The Human Exposome Project (HEP) aims to decode how lifelong environmental exposures shape health and disease, complementing genomic insights with a systems-level understanding of external influences. Achieving this vision requires experimental platforms that move beyond the limitations of animal models, which often lack human relevance and mechanistic resolution. Microphysiological systems (MPS)-including organoids and organs-on-chips derived from human stem cells-offer such an opportunity. These engineered models recapitulate human tissue architecture and function under controlled conditions, enabling direct study of exposure-response relationships at the cellular and organ level. In this review, we outline how MPS can serve as a foundation for exposome research by bridging epidemiological observations with mechanistic biology. We describe applications ranging from air pollutant toxicity to food contaminants, endocrine disruptors, and nanomaterials, highlighting how MPS integrated with omics technologies and artificial intelligence (AI) can reveal pathways of injury, identify biomarkers, and support the development of digital twins to simulate exposure-disease trajectories.
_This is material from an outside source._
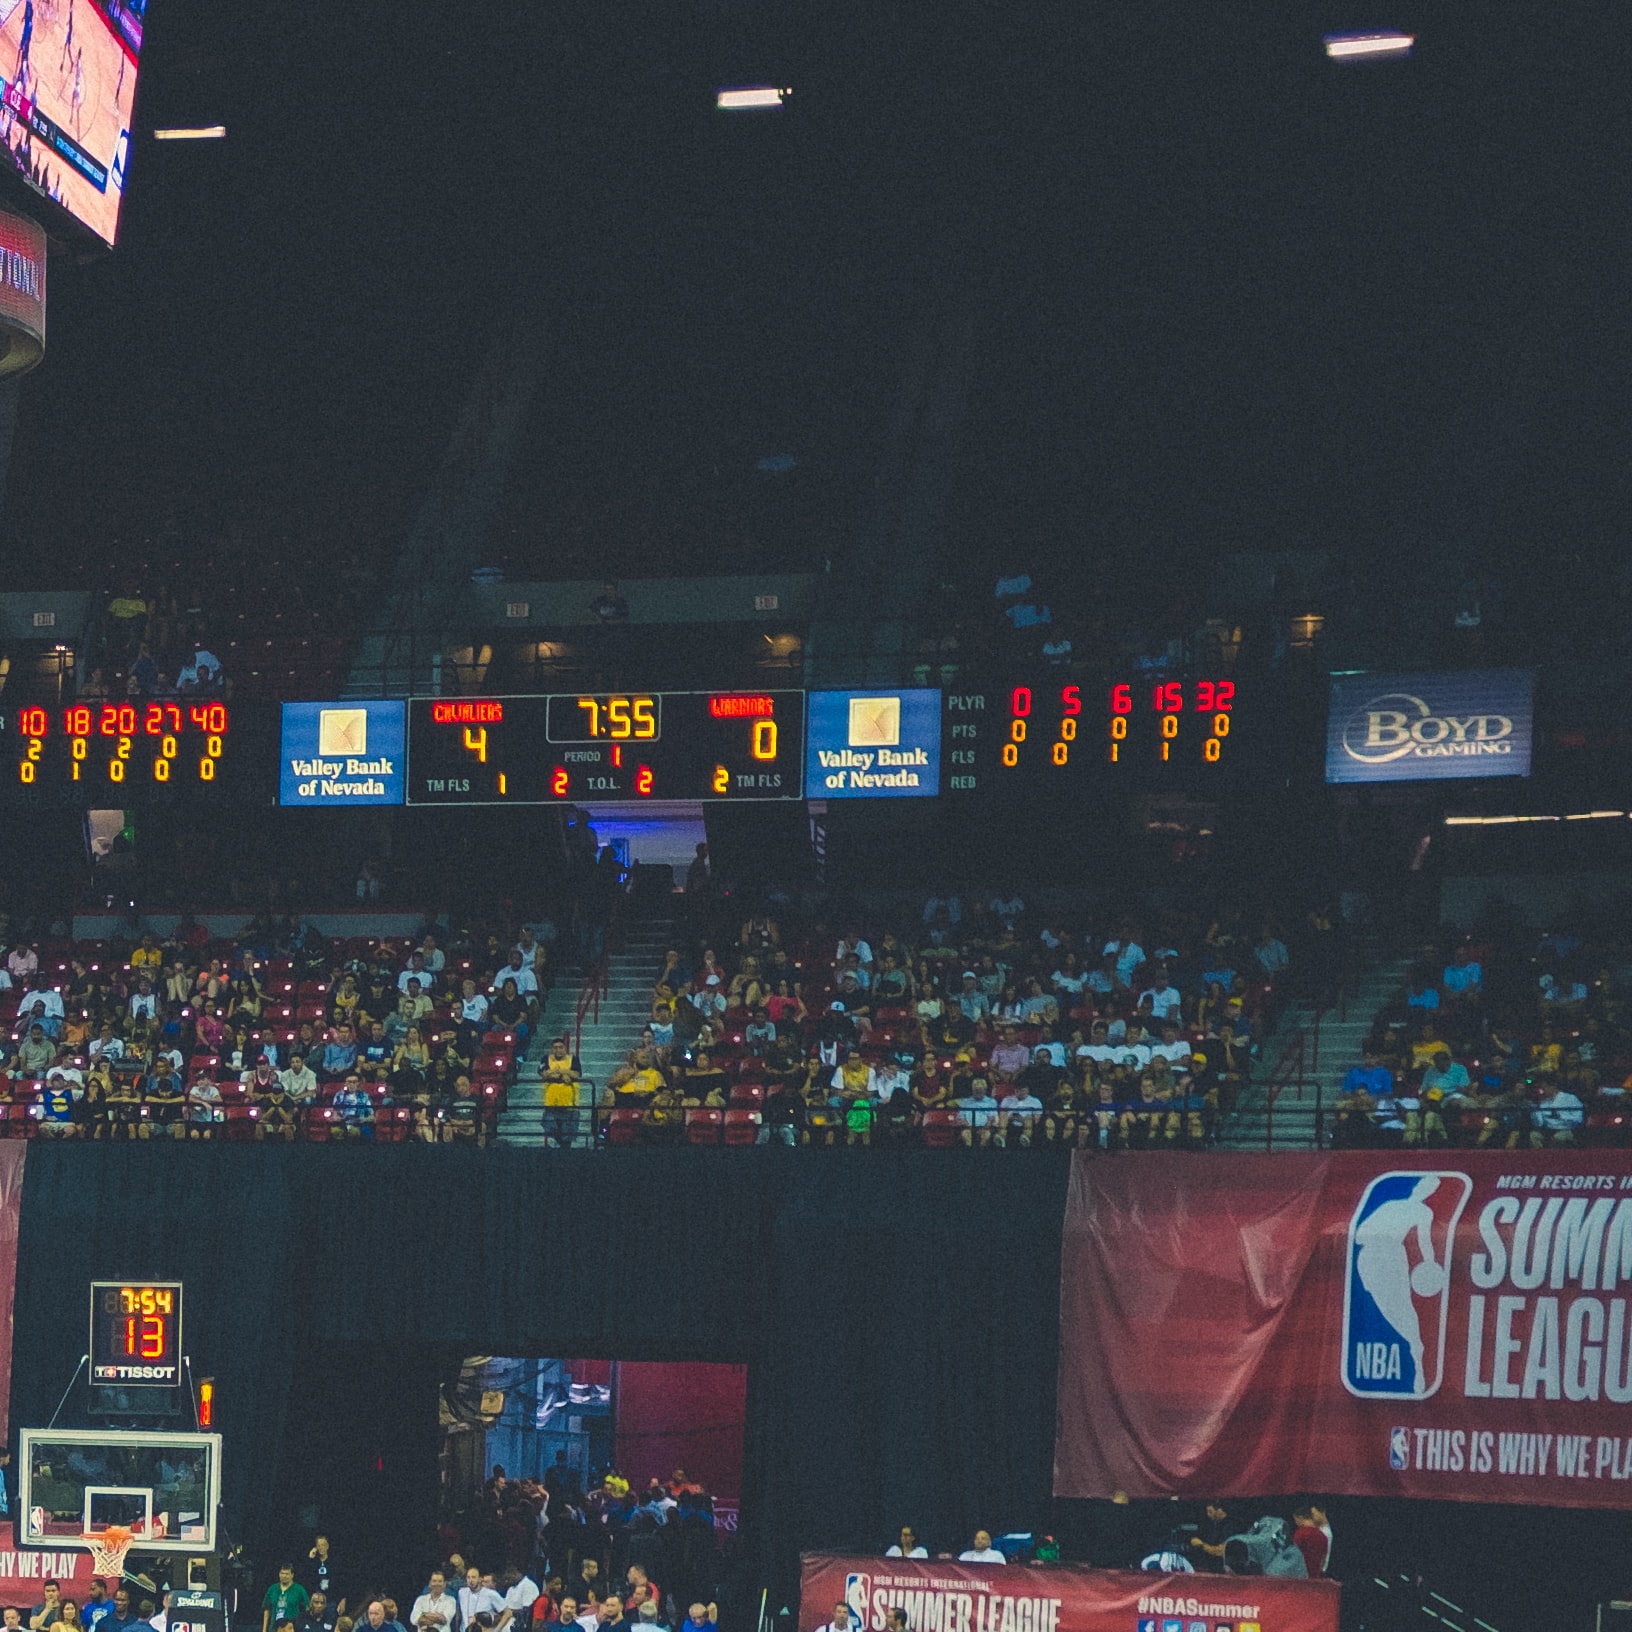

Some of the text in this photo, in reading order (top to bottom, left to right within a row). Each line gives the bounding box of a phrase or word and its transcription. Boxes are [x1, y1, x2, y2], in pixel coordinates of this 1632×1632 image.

We also discuss frameworks for validation, quality assurance, and transparent reporting, which are essential for reproducibility and regulatory acceptance. Finally, we consider ethical issues such as donor rights, data sovereignty, and equitable access, underscoring the importance of anticipatory governance. Together, MPS represent more than alternatives to animal testing-they are strategic enablers of a human-relevant, AI-empowered exposome science. By anchoring statistical associations in mechanistic data, MPS can accelerate translation into public health policies that are predictive, preventive, and personalized.